Last year, this cook from Civil Köy, a small village from the Black Sea Region of northeastern Turkey, turned down a Michelin star. It was on all culinary magazines covers as everyone assumed he would accept the star that would catapult him to stardom. When he rejected it, it was the hottest news in the gastronomical world for 15 minutes before Ferran Adrià made the news again. ‘It wasn’t life.’ reflects Nedim while sipping a çay. Hatice Bulut, his partner and wife, sits by his side at a modestly decorated table of their restaurant. ‘That journey to perfection almost ended up killing us. We want people to leave our restaurant feeling happy. We like it the way it is now.’ Hatice agrees with a tender smile and adds, ‘We decided to step aside from the star system ostentation to do something simple, not a parade of appetizers. We don’t want to lose our essence.’
It’s easy to see it for yourself by just setting foot there. Modest yet cozy, it’s is an unintentionally kitsch homage to the Black Sea spirit. Its ambiance is a strange but comforting mix between the authentic retro feel and delightfully tacky details. The ceiling is festooned with multi-color fishnets. The chairs are hand made wickerwork courtesy of his cousin. The rough wooden walls are adorned with farm tools. As soon as you enter you wonder how this place could have had a shot at a Michelin star. Then you try their food.
It is in this quaint joint where all year round – while always fully packed – this couple and their kitchen helpers serve their plates blessed with inspiration, authenticity and creativity. There are fights, figurative and sometimes literal, to get a table in Bulutlar. ‘Most of the people say the nicest things to us. They like to chat some minutes with us before leaving the restaurant. Some even take these selfies that new generations love. And we always oblige.’ says Hatice shyly. ‘And then there are the threats.’ Nedim laughs in the background while Hatice continues. ‘When we have to say we are fully booked and some people state the cliche, You don’t know who you are talking to! Like that girl from that soap opera about the sultans. I can’t quite recall her name.’
Not to justify the grayness of entitled TV stars but you can kind of understand it when you try their sun-dried tomatoes and black olives in rakı sauce or their erişte with marinated lakerda. And don’t get me started with their baklava of trileçe, the worst kept secret in Istanbul. The list is not much longer on purpose. These are the few tastes of heaven that Emre and Celine help prepare from 7:00 in the morning. The only exception to find is the sweet and sour çıtır mantı soup. Nobody touches it but Hatice. Because everyone knows that no one but her can cook it just right, where the hand-wrapped lamb-stuffed gifts are neither soggy nor too dry. And no one really knows the sauce recipe. Not even Mr. Bulut. ‘And I’ve been married with her for 30 years.’ says Nedim proudly.

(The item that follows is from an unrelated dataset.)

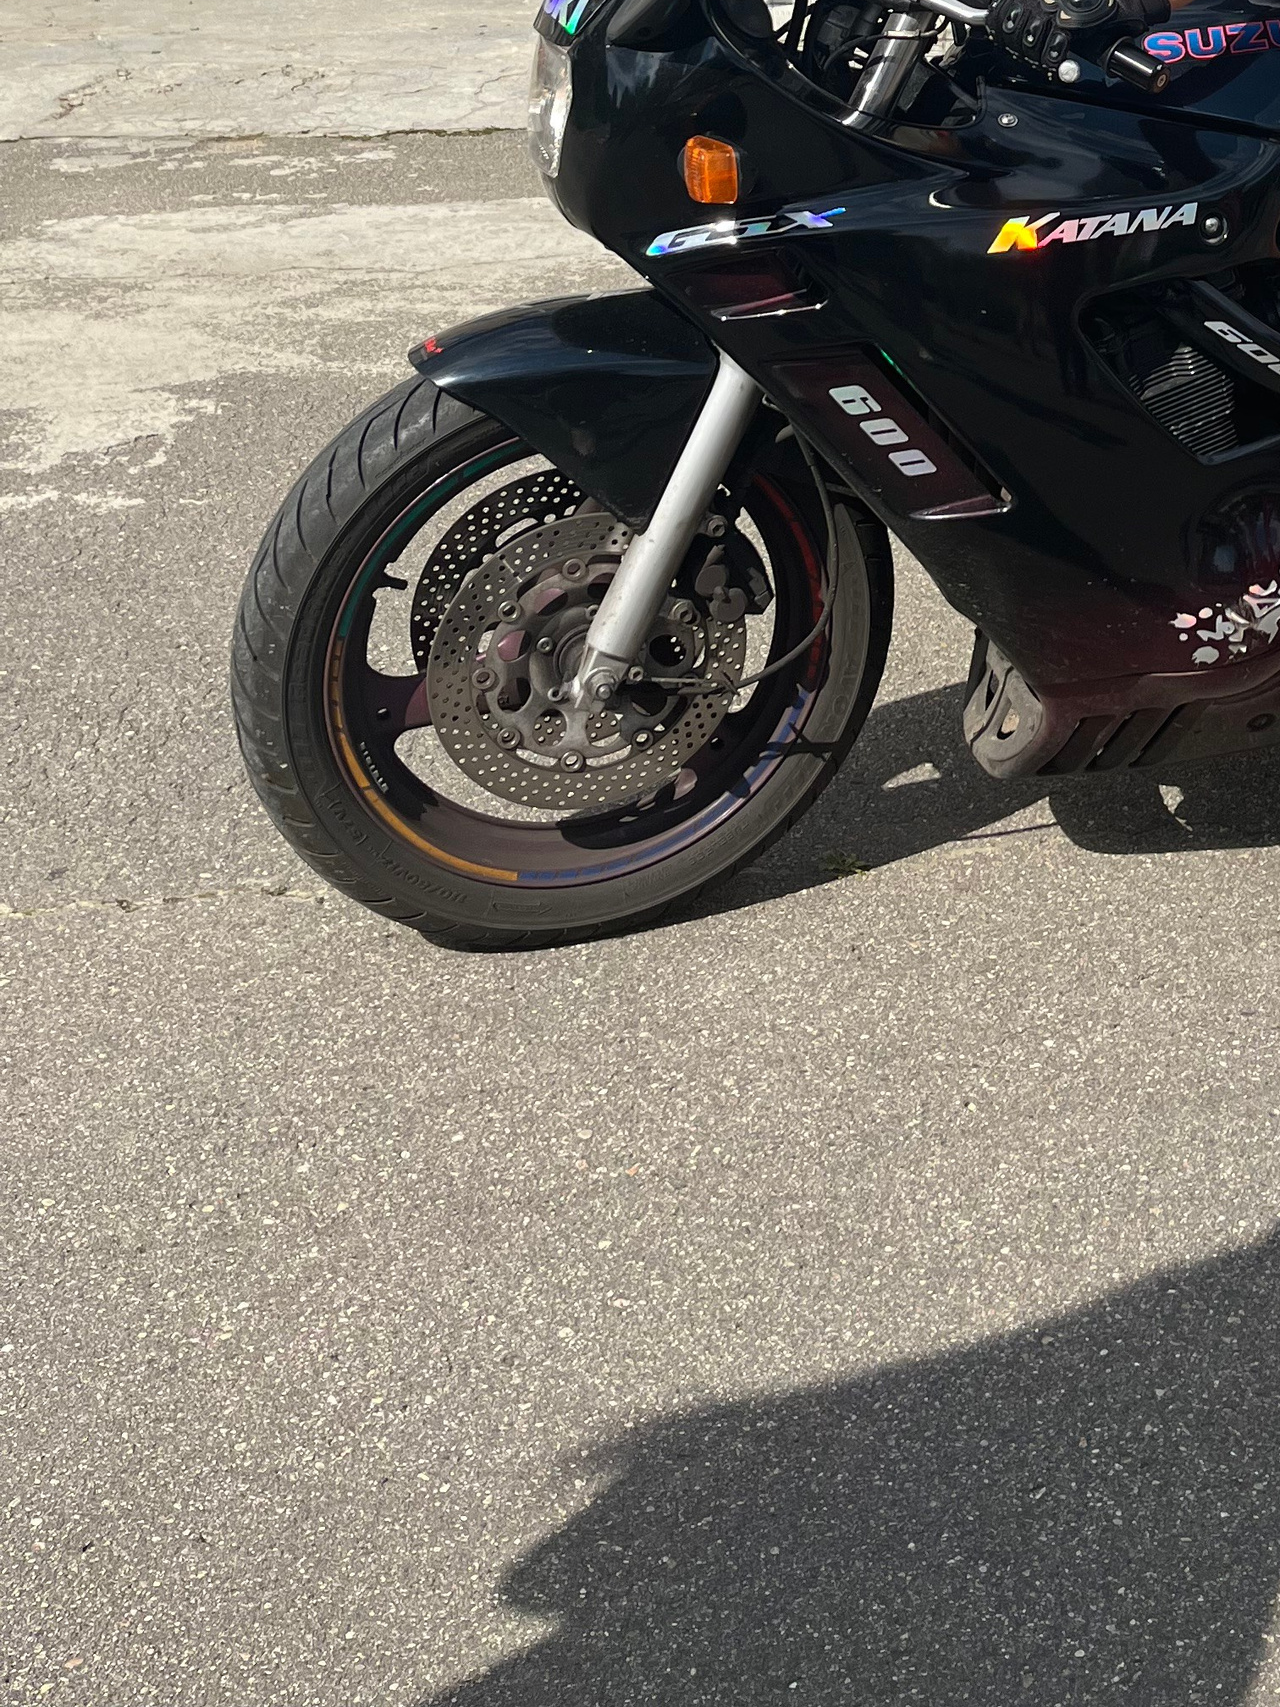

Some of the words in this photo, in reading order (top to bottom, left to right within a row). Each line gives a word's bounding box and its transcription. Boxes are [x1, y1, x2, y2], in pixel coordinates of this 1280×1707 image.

[646, 207, 847, 256] GSX
[987, 201, 1199, 254] KATANA
[828, 384, 938, 477] 600

Emre knew he wanted to work with Nedim since he was a teenager and his mother (Nedim’s cousin) brought him to their house, where Nedim cooked a patates dolması with Manchurian sauce. ‘I was 15 and those flavours really had an impact on me. It was like my mum’s food but with a twist.’ says Emre. ‘So I went to culinary school in Bordeaux and I came back directly to him, before even going home, and asked him to train me.’

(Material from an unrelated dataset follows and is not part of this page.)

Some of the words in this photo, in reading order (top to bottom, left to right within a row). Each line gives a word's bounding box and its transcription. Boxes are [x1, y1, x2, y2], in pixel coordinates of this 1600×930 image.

Celine was doing her Erasmus in Istanbul three years ago, around the tumultuous Gezi era. One day she was walking around, distracted and missing her native Bordeaux when Emre – whom she had met briefly back in France – called her to the small locale where he was working. The scent of the food attracted her even before stepping into the restaurant. A place had just emptied and Emre sneaked her in. ‘The çupra alla marinara changed my life. I decided right there that I would quit studying Law and learn how to cook. I barely spoke any Turkish but somehow we communicated. Messie Nedim was very gracious taking me in.’ says Celine with her now impressive Turkish accentuated with a charming French accent. At 27 years, she plans to open an esnaf lokantası in her city next year. Nuages will be the name, of course. ‘French people need to go beyond kebap. A Turkish haute cuisine is possible.’ says Celine while energetically zigzagging through the small kitchen. This contrasts with Emre’s calmness. Celine signals for him to hurry up and mutters some words in French. He smiles quietly with puppy dog eyes. There is something there, but it is neither the time nor place to ask. This 25 year-old boy from Izmir takes his time to properly cut the salmon to prepare the somon bulgur sushi while Celine frantically cleans the glassware to prepare the borulge koftesi with fıstık sauce. ‘They are the next generation. I am grateful that they understand the importance of respecting our traditions but also to have fun and be brave in the kitchen.’ says Nedim proudly.
‘When I opened 10 years ago all my relatives came to Istanbul.’ explains Nedim while the simitci greets him from the other side of the street. ‘They didn’t even fit in the restaurant so we had to have three rotations to feed them. They shook their heads in disbelief. How did I dare to make a mantarlı parmesan borek or imam bayldı that had kısır instead of kiyma? Sacrilege! They all went back to the village outraged. It was like I broke some sacred rules.’ remembers Nedim. ‘Now a big part of our reservations come from our region. And some of them whisper to me that the food here is better than at their own homes.’ laughs Nedim.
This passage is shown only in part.